From Wikipedia:
“…The Thirteenth Amendment (Amendment XIII) to the United States Constitution abolished slavery and involuntary servitude, except as punishment for a crime. In Congress, it was passed by the Senate on April 8, 1864, and by the House on January 31, 1865. The amendment was ratified by the required number of states on December 6, 1865. On December 18, 1865, Secretary of State William H. Seward proclaimed its adoption. It was the first of the three Reconstruction Amendments adopted following the American Civil War…”
Unfortunately, the thirteenth amendment to our Constitution did not put an end to slavery. It has changed form, but it is still very much alive today.

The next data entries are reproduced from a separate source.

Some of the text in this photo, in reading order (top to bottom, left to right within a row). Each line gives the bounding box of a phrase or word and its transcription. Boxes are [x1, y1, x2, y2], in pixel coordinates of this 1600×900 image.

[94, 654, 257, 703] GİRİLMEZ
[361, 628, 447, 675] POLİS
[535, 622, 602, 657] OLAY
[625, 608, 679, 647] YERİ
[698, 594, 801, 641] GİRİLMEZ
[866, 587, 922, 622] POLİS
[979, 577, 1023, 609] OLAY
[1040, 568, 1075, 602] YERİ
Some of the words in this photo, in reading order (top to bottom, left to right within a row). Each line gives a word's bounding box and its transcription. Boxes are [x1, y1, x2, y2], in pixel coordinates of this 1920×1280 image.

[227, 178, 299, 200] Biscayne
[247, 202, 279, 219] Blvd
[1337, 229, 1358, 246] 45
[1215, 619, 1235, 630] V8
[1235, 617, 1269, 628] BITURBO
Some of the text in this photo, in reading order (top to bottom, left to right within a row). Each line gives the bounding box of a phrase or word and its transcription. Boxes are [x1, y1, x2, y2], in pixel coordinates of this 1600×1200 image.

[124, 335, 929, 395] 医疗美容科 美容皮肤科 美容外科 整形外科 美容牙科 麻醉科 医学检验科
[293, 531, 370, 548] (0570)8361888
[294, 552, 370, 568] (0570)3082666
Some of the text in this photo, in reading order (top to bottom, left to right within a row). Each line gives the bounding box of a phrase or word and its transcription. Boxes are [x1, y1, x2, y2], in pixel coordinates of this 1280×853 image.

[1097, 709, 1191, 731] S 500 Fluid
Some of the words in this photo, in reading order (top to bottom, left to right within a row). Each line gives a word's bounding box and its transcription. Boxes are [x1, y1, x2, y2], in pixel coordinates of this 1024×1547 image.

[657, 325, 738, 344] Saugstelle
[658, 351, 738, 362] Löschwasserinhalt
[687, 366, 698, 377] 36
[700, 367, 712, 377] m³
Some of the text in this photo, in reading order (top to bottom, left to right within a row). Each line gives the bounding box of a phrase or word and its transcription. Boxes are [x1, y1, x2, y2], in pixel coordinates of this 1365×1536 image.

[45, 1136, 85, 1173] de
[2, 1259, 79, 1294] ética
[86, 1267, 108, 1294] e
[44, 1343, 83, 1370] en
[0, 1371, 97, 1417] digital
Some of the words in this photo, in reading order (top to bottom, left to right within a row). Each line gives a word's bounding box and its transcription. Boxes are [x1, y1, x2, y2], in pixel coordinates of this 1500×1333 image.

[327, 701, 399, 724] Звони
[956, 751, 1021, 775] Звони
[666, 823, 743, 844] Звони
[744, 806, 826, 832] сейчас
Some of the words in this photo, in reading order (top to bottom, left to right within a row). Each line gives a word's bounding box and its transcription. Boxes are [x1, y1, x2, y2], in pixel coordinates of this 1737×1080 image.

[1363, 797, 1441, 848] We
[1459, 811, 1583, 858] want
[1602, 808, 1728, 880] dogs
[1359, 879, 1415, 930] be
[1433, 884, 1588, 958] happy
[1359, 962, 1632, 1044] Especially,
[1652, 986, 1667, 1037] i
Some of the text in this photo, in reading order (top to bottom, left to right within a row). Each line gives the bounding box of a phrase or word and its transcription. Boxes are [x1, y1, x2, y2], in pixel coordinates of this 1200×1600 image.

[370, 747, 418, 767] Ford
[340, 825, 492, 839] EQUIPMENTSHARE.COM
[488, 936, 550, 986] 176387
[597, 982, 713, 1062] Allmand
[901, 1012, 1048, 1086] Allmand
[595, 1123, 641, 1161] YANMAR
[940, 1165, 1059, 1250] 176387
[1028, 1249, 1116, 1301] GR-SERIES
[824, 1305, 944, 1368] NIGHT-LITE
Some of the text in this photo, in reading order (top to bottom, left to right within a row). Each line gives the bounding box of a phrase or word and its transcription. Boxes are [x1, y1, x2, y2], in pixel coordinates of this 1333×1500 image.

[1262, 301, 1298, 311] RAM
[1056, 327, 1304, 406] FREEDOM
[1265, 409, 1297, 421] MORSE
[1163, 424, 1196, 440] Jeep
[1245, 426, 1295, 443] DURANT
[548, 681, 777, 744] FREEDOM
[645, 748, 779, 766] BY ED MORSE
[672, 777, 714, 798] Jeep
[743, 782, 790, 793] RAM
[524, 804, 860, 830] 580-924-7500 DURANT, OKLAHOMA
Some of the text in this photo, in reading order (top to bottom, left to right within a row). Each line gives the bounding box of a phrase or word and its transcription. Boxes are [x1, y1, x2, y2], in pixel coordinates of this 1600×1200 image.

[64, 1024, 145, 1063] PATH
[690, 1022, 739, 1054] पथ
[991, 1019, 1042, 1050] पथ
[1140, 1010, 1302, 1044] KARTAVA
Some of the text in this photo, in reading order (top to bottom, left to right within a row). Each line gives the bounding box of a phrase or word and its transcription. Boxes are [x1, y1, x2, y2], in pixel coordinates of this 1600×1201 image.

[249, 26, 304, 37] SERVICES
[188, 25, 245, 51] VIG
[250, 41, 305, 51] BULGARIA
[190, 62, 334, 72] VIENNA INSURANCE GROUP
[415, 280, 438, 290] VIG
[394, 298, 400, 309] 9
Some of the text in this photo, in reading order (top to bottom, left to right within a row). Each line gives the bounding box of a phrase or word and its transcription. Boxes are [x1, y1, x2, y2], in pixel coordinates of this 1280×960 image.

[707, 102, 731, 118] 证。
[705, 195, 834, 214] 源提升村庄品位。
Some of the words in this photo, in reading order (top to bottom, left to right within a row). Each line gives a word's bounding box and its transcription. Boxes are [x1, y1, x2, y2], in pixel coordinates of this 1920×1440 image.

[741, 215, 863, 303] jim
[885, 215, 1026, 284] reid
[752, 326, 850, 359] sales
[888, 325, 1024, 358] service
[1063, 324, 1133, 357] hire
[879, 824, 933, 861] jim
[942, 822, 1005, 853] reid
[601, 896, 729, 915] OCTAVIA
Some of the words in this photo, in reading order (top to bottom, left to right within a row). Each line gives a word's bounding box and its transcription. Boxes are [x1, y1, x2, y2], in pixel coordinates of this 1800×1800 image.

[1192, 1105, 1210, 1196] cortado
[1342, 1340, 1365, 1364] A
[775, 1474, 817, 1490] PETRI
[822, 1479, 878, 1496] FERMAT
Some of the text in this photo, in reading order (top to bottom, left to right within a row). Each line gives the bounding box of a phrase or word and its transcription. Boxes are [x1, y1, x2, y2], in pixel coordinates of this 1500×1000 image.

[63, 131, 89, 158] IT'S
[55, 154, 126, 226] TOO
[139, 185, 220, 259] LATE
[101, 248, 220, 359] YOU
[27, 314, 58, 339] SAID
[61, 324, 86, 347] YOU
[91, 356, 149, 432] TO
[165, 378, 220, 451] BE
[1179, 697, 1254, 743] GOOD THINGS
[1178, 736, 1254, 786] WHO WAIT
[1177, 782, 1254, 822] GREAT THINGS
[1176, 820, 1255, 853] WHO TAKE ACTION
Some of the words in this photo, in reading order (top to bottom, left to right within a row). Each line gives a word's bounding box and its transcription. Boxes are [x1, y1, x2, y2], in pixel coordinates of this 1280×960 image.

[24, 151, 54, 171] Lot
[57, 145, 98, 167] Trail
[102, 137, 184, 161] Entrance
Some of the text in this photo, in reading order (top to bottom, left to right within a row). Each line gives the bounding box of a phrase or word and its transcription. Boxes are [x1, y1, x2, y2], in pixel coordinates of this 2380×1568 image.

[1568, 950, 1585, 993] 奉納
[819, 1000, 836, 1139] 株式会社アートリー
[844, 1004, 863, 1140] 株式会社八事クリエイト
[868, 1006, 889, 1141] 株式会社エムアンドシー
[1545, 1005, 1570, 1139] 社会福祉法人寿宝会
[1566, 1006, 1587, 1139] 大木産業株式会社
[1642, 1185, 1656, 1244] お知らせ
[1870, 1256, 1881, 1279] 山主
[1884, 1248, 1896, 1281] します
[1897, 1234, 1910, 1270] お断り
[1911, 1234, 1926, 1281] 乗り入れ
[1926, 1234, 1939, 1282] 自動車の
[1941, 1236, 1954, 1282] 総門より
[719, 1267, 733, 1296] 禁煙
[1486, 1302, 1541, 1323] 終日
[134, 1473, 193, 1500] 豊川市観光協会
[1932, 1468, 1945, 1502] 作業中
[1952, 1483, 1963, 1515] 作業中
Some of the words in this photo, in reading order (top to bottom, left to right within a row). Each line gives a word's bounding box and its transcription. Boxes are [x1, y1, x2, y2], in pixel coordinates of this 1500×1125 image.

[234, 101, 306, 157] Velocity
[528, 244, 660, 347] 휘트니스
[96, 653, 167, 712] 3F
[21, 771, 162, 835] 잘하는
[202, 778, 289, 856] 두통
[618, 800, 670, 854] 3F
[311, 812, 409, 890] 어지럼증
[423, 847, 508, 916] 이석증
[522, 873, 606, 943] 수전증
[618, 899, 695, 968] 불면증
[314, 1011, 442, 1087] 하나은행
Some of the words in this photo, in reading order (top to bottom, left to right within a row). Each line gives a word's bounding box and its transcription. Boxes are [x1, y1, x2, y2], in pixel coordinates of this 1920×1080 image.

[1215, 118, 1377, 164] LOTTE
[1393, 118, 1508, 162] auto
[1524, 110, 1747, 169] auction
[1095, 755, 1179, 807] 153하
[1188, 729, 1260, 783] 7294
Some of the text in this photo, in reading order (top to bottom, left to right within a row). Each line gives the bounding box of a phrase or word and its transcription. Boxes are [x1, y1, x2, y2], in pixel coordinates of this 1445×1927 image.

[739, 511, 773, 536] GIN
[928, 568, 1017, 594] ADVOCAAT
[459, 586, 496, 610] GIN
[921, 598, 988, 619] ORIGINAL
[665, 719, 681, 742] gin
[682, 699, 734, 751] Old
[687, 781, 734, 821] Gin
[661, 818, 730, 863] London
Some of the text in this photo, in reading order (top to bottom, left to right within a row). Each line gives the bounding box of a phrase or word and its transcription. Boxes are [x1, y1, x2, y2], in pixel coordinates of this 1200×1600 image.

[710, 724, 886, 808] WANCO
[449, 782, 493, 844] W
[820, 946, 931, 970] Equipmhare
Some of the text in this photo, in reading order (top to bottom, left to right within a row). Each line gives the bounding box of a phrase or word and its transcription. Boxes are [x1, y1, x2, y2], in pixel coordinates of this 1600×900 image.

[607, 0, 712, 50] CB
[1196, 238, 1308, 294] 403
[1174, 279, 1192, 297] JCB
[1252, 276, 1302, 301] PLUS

There has been a push by companies and major corporations over the past decade or so to what they call a ‘non-compete clause’ as a requirement for employment. They require an employee, whether they be new hires or even some that have been employed with them for many years, to sign one of these in order to obtain or to continue their employment there.
These clauses state that an employee cannot seek employment in the same field for a designated period (usually at least one year and oftentimes several years) after leaving their company.
In most cases, the reason for an employee’s departure makes no difference. Whether they went to a competitor for more money or better benefits, were laid off from their current company, or even fired for any reason. They are still bound by this unconscionable clause.
If you have been in a given business for all of your professional career and at some point you choose to leave and go to another employer for whatever reason, these clauses state that you cannot, and your former employer can and will sue you if you do.